# Paint Chip



## FINEMNT (Sep 14, 2009)

I was inspecting my bike and after about 50miles on it, I noticed a small paint chip. Maybe a rock? Who knows. Question is, do you all use those auto cover up paint for this? Just wondering.


----------



## mdmoore99 (Nov 27, 2009)

just ride it


----------



## Touch0Gray (May 29, 2003)

nailpolish comes in pretty much every color under the sun


----------



## OldSkoolFatGuy (Sep 6, 2007)

Touch0Gray said:


> nailpolish comes in pretty much every color under the sun


2nd what he said! don't forget to topcoat with clear.

A little 2000 grit wet sand paper if you really want to be anal.


----------



## Touch0Gray (May 29, 2003)

fwiw, nailpolish seems to be tougher on my bikes than on my daughters nails....LOL


----------



## Raven1911 (Apr 28, 2002)

I just bought a Blue AC1 and went to a local guy in town that puts clear bra's on cars. He put some clear protectant film on my bike at the chainstay, seat tube in front of the rear tire, downtube behind the front tire and on my cranks. All these areas get scratches and dings and being that they are all carbon fiber I wanted to protect them. I thought this was a very good investment as I don't switch out bikes yearly and tend to keep them for a while. You cannot even see the film, its sweet!


----------



## Loraura (Jun 30, 2008)

Out of curiosity, how much did that cost you Raven?


----------



## Mr. Versatile (Nov 24, 2005)

GOT A COUPLE OF PAINT NICKS ON YOUR BIKE?

I KNOW HOW YOU FEEL! 

You have at least 2 choices:

1. pay a few hundred bucks to have your bike repainted

2. fix it yourself

Effective paint or scratch repair depends somewhat on the size of the defect. Assuming the damage is small, I use the following method:

One of the most difficult thing to do is to find matching paint. If you don’t have any touch-up, try riding your bike to the nearest Sherwin Williams paint store. They make automotive paint, and should have color samples there. Pick the one that most closely matches. Another source for paint is a hobby shop. Testors makes model paint in more colors than you can imagine. Still can’t find what you need? Try nail polish. There’s a ton of colors available, and while you’re there, pick up a bottle of clear. You’ll need it later. Auto parts stores have many colors in “fingernail polish” like bottles as well as spray cans. Spray touch up paint is fine. I wouldn’t spray it on the bike unless I needed to cover a pretty large area, ex. 1sq “ or larger. I’ve successfully used it for small areas by spraying the paint into the cap, then using a toothpick of brush to apply it.


OK! LET’S GET STARTED

1. Clean the damaged area thoroughly with alcohol.

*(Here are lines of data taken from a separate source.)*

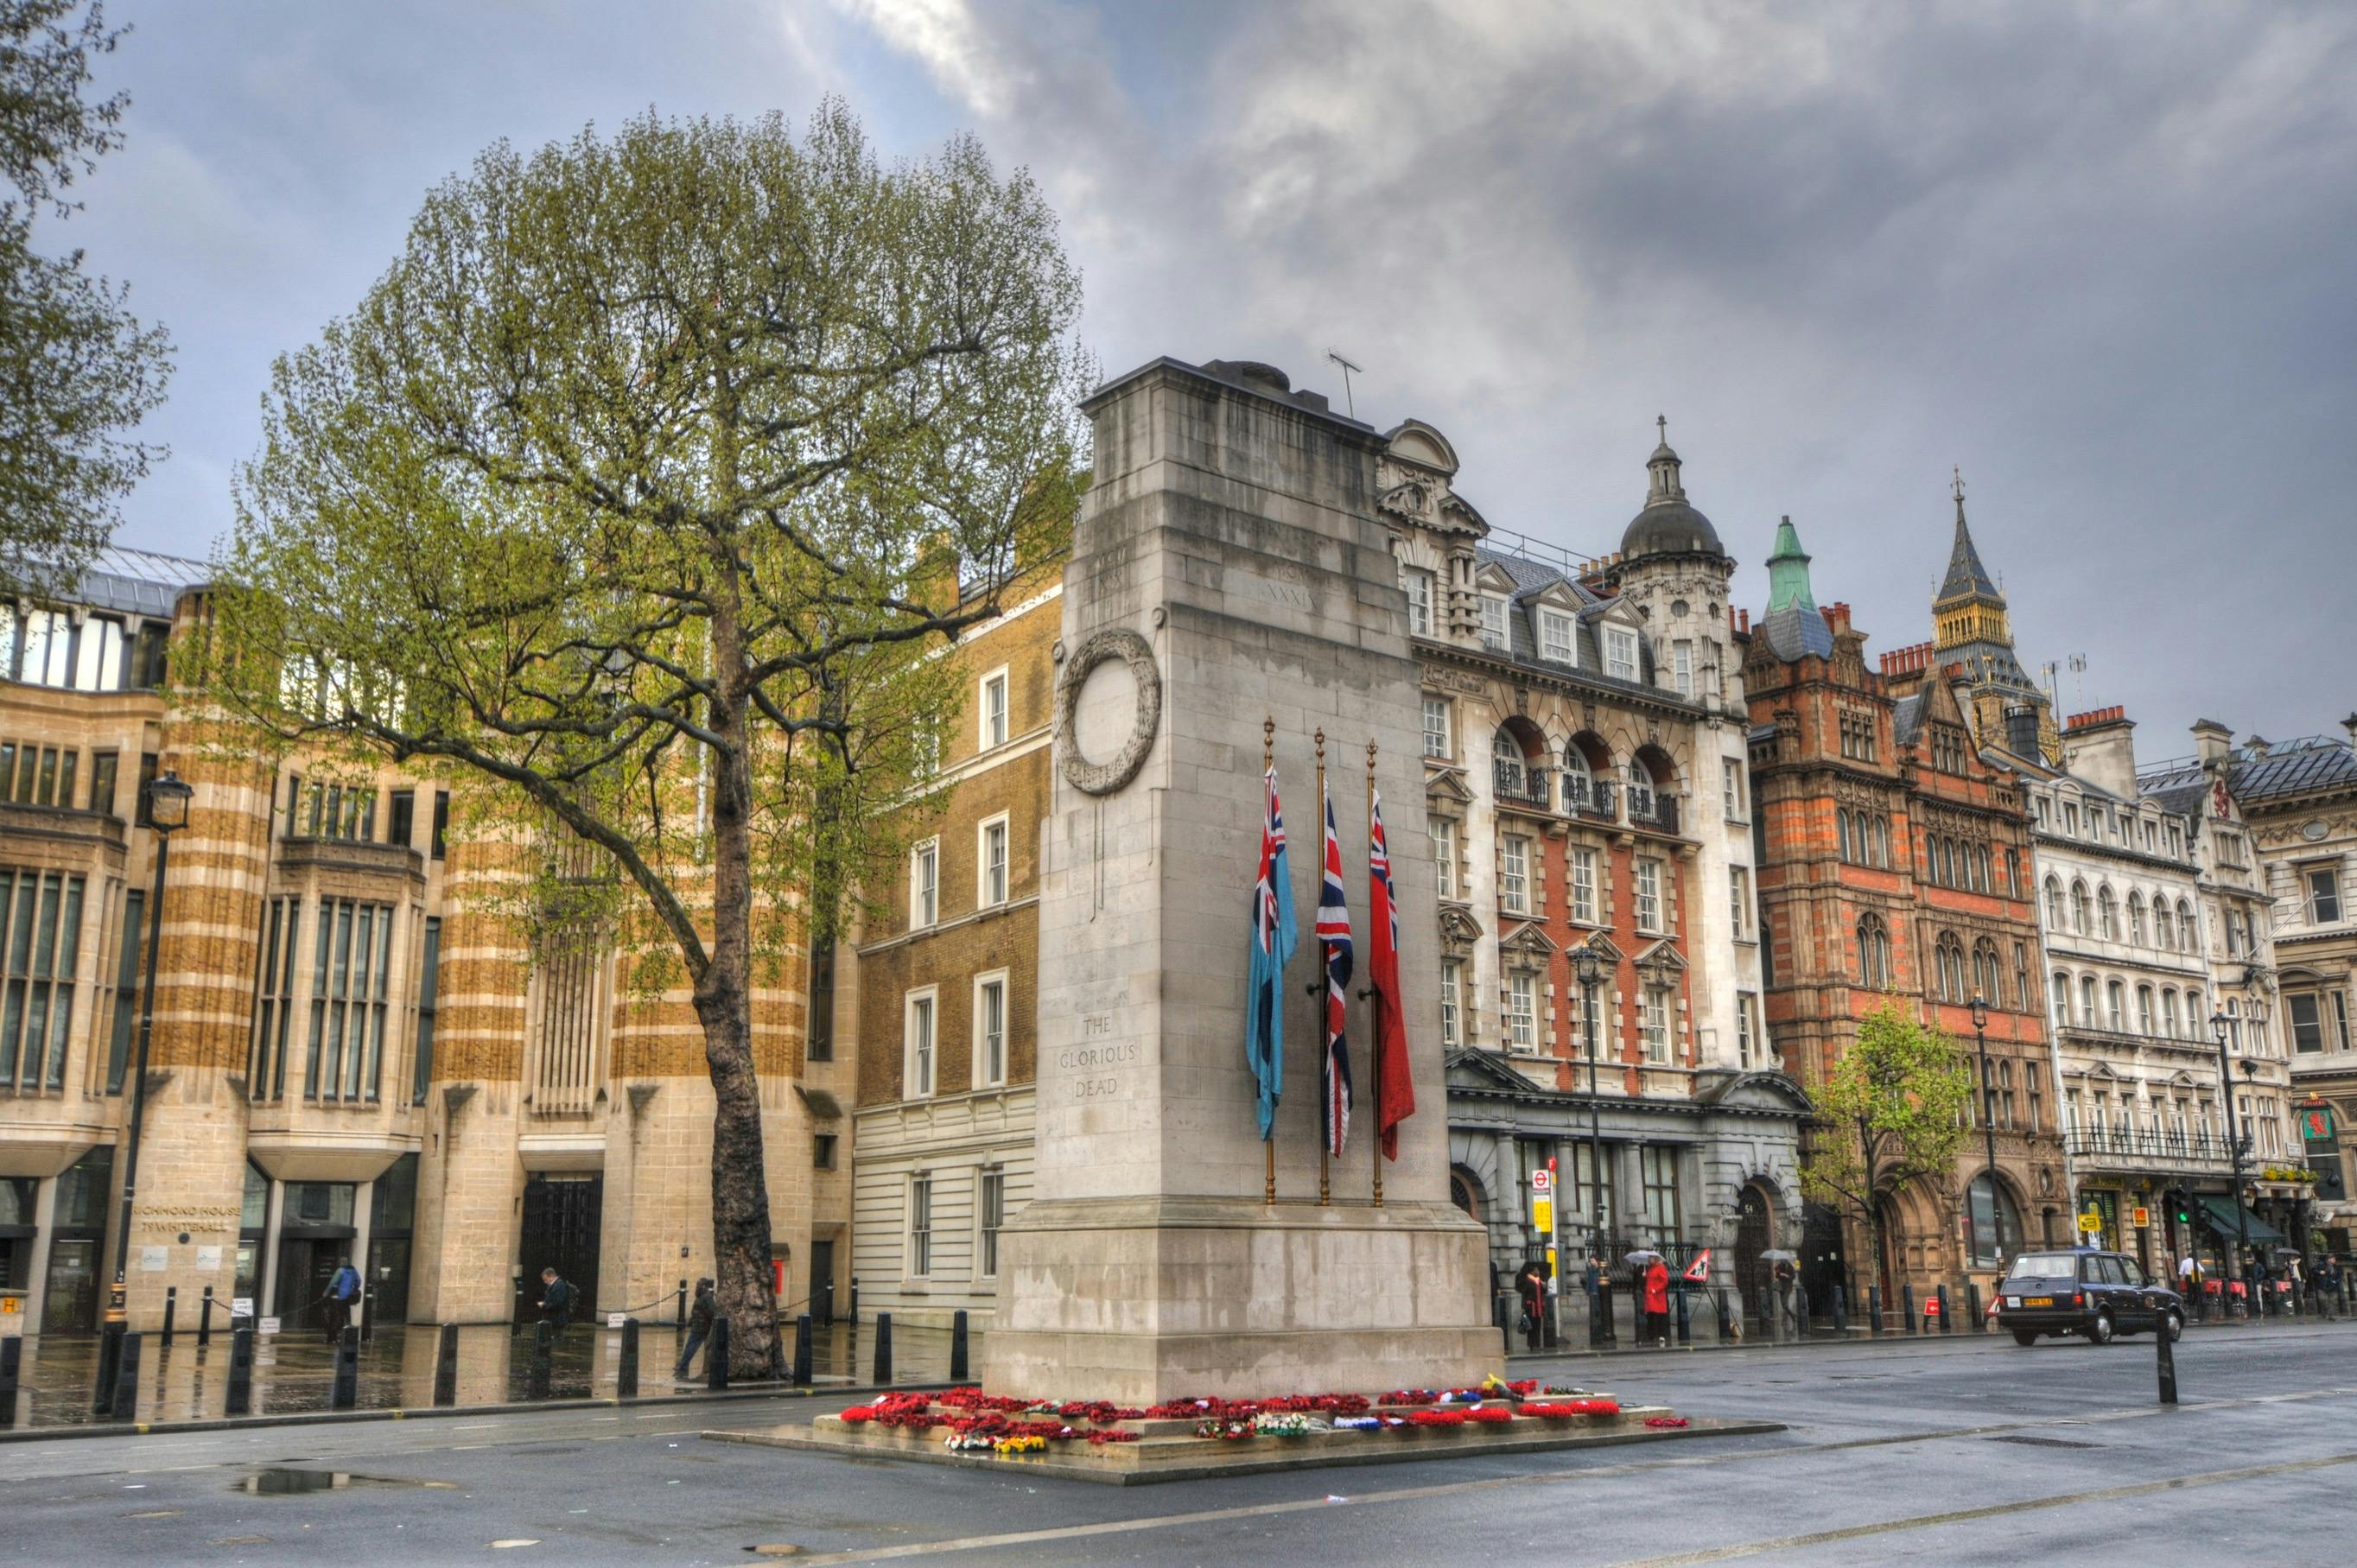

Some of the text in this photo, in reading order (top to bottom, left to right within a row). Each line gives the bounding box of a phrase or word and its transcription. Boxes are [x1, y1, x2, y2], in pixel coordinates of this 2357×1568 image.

[1083, 1016, 1111, 1036] THE
[1060, 1044, 1135, 1069] GLORIOUS
[1076, 1077, 1118, 1098] DEAD
[130, 1205, 242, 1217] RICHMOND HOUSE
[155, 1221, 227, 1233] WHITEHALL

2. Carefully inspect the chip or scratch to see that there is no chipping or peeling paint along the edges of the damaged area. If there is, take a sharp Exacto knife and carefully chip the peeling paint away until you have a clean edge that won’t lift.

3. Assuming you have found paint that matches, shake it up very thoroughly – very thoroughly. After you’ve done that, shake it up very thoroughly again. If you’re using nail polish you can skip this step.

4. Apply the paint using a small brush or a toothpick. If it’s a scratch or a chip the size of a half a pea, I’ve found the toothpick works better. Depending on the size of the damaged area you might want to apply several light coats instead of one heavy one. You can do this pretty quickly because the paint will dry within 15-20 min. Don’t be afraid to ”color outside the lines.” When you’re finished it won’t show.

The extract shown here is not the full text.